### YOUR GOAL
Strip out the pictures and output each remaining line of the data word for word.

### DATASET EXCERPTS
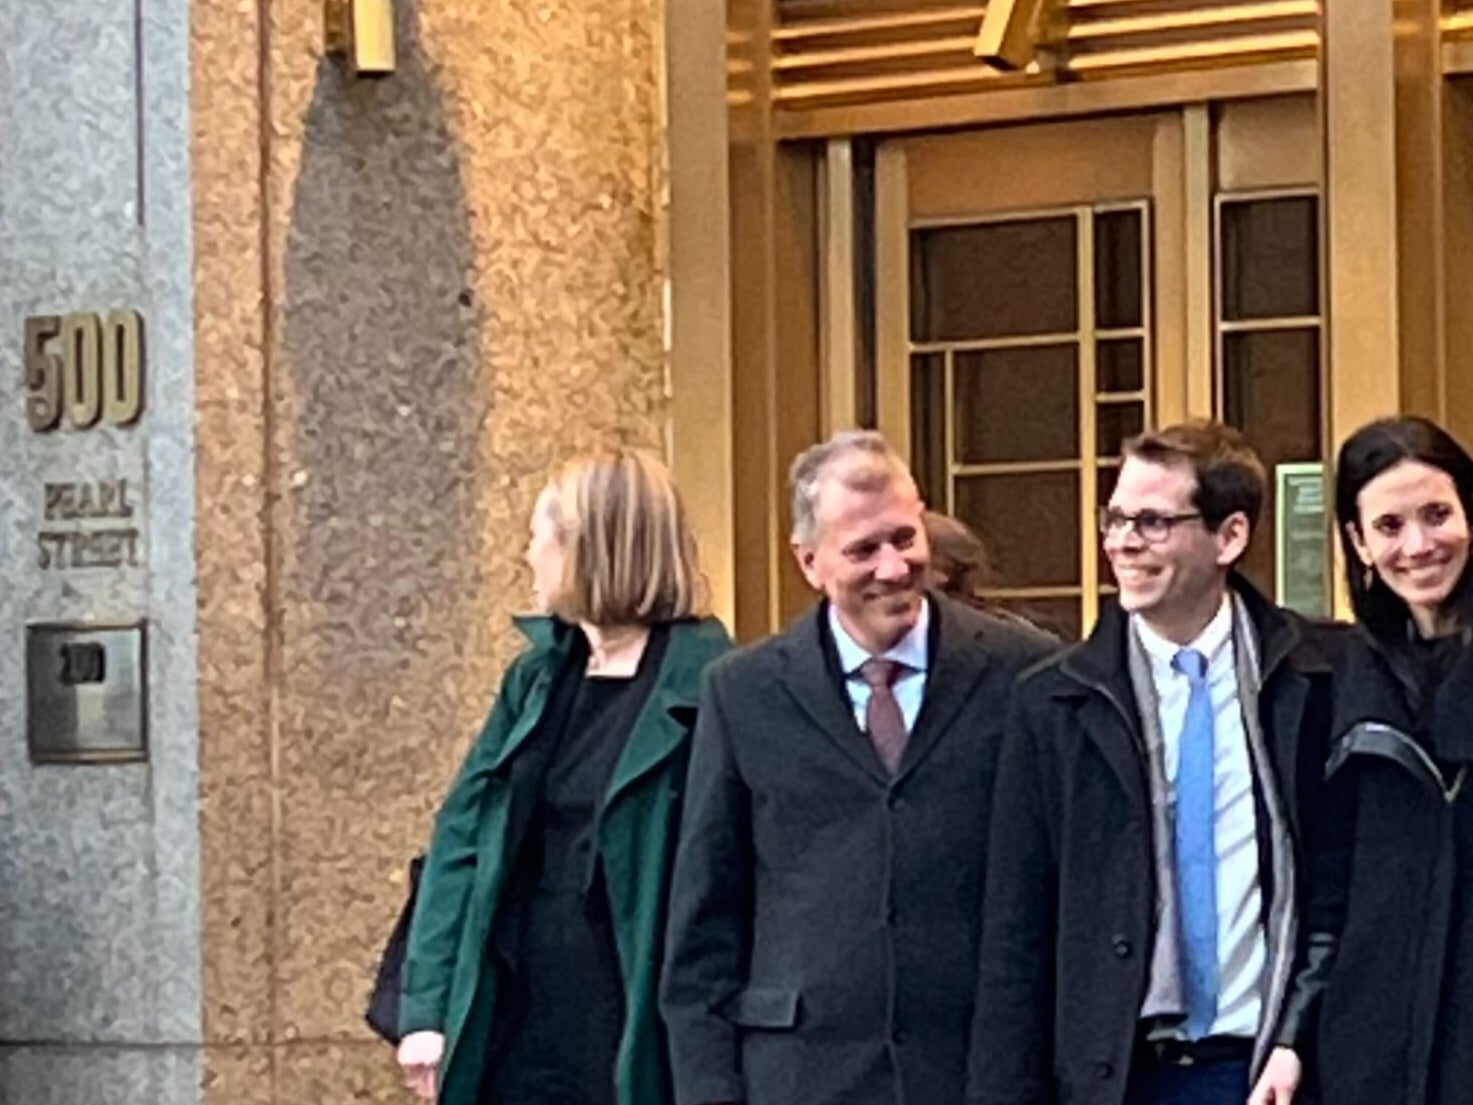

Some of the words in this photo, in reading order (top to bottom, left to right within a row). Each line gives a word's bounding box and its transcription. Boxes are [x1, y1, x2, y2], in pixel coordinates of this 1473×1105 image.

[25, 308, 145, 434] 500
[44, 479, 133, 520] PEARL
[38, 529, 139, 570] STREET
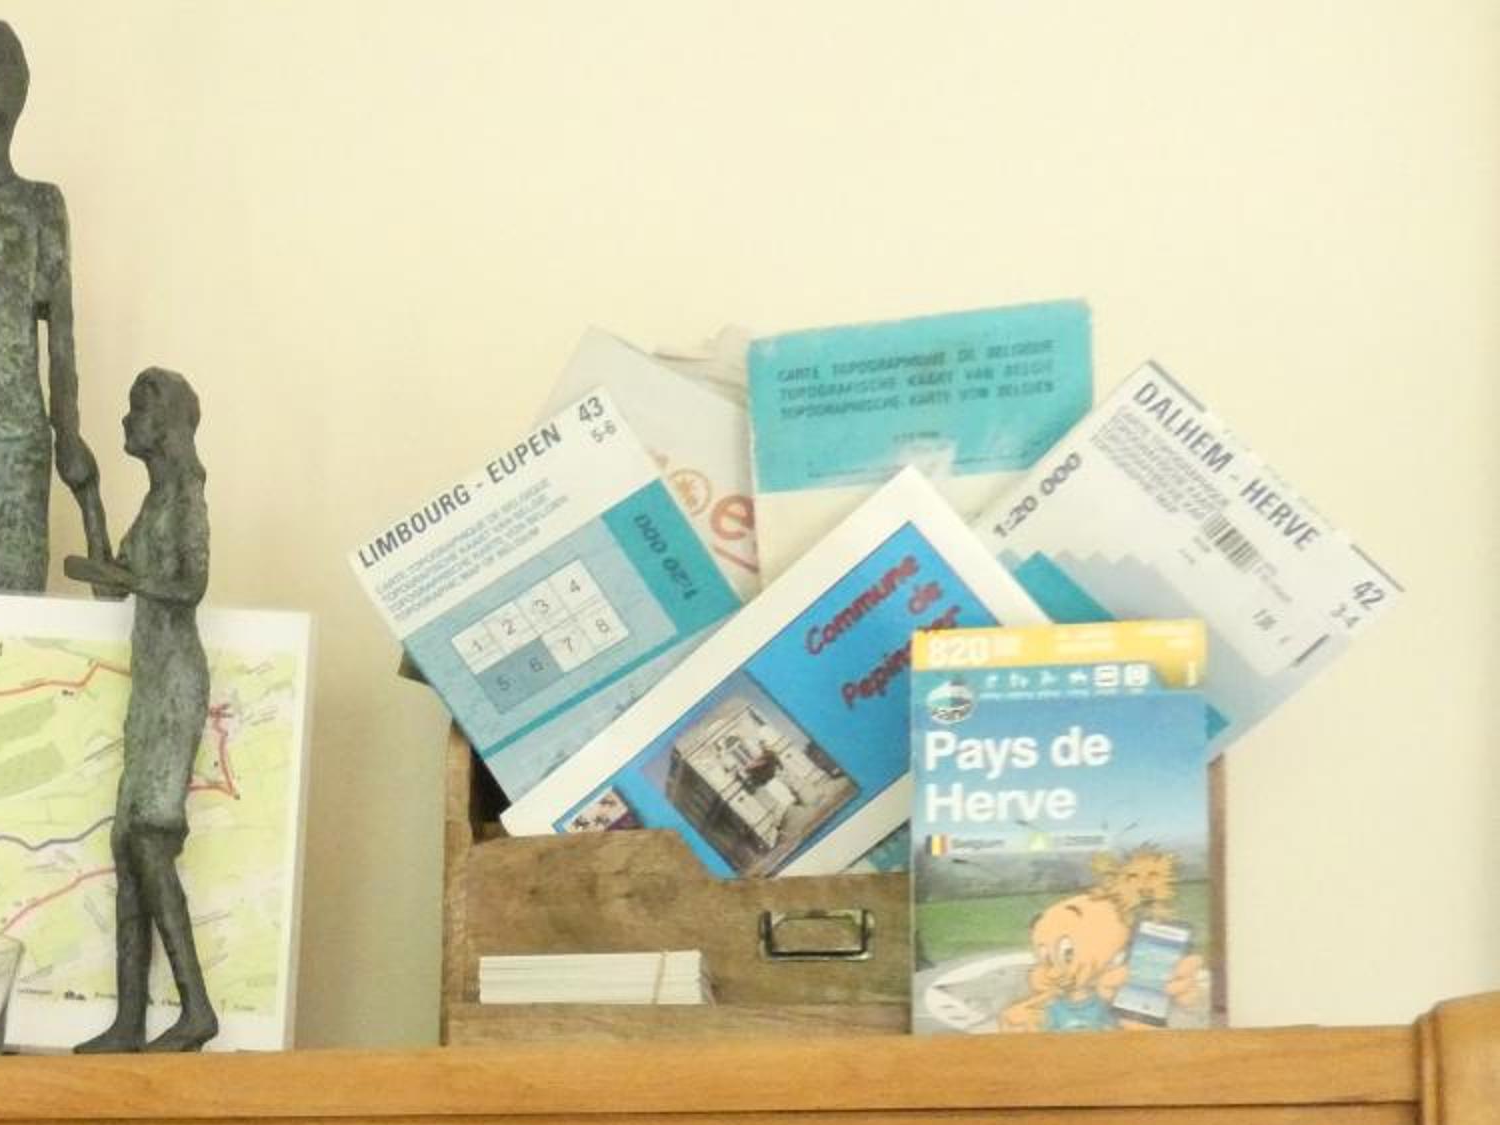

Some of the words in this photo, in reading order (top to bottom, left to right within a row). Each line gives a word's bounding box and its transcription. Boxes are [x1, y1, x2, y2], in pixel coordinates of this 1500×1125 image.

[578, 396, 604, 423] 43
[1133, 381, 1234, 473] DALHEM
[1239, 478, 1321, 552] HERVE
[358, 483, 471, 568] LIMBOURG
[486, 423, 562, 484] EUPEN
[569, 579, 581, 593] 4
[1352, 580, 1386, 610] 42
[532, 599, 548, 615] 3
[805, 555, 919, 656] Commune
[501, 619, 517, 636] 2
[595, 618, 611, 634] 8
[471, 639, 484, 652] 1
[561, 637, 574, 653] 7
[529, 657, 545, 673] 6
[925, 730, 1039, 780] Pays
[1051, 725, 1113, 767] de
[925, 782, 1077, 823] Herve

### RESULT OF THE EXERCISE
Some of the words in this photo, in reading order (top to bottom, left to right within a row). Each line gives a word's bounding box and its transcription. Boxes are [x1, y1, x2, y2], in pixel coordinates of this 1473×1105 image.

[25, 308, 145, 434] 500
[44, 479, 133, 520] PEARL
[38, 529, 139, 570] STREET

Some of the words in this photo, in reading order (top to bottom, left to right within a row). Each line gives a word's bounding box and its transcription. Boxes are [x1, y1, x2, y2], in pixel coordinates of this 1500×1125 image.

[578, 396, 604, 423] 43
[1133, 381, 1234, 473] DALHEM
[1239, 478, 1321, 552] HERVE
[358, 483, 471, 568] LIMBOURG
[486, 423, 562, 484] EUPEN
[569, 579, 581, 593] 4
[1352, 580, 1386, 610] 42
[532, 599, 548, 615] 3
[805, 555, 919, 656] Commune
[501, 619, 517, 636] 2
[595, 618, 611, 634] 8
[471, 639, 484, 652] 1
[561, 637, 574, 653] 7
[529, 657, 545, 673] 6
[925, 730, 1039, 780] Pays
[1051, 725, 1113, 767] de
[925, 782, 1077, 823] Herve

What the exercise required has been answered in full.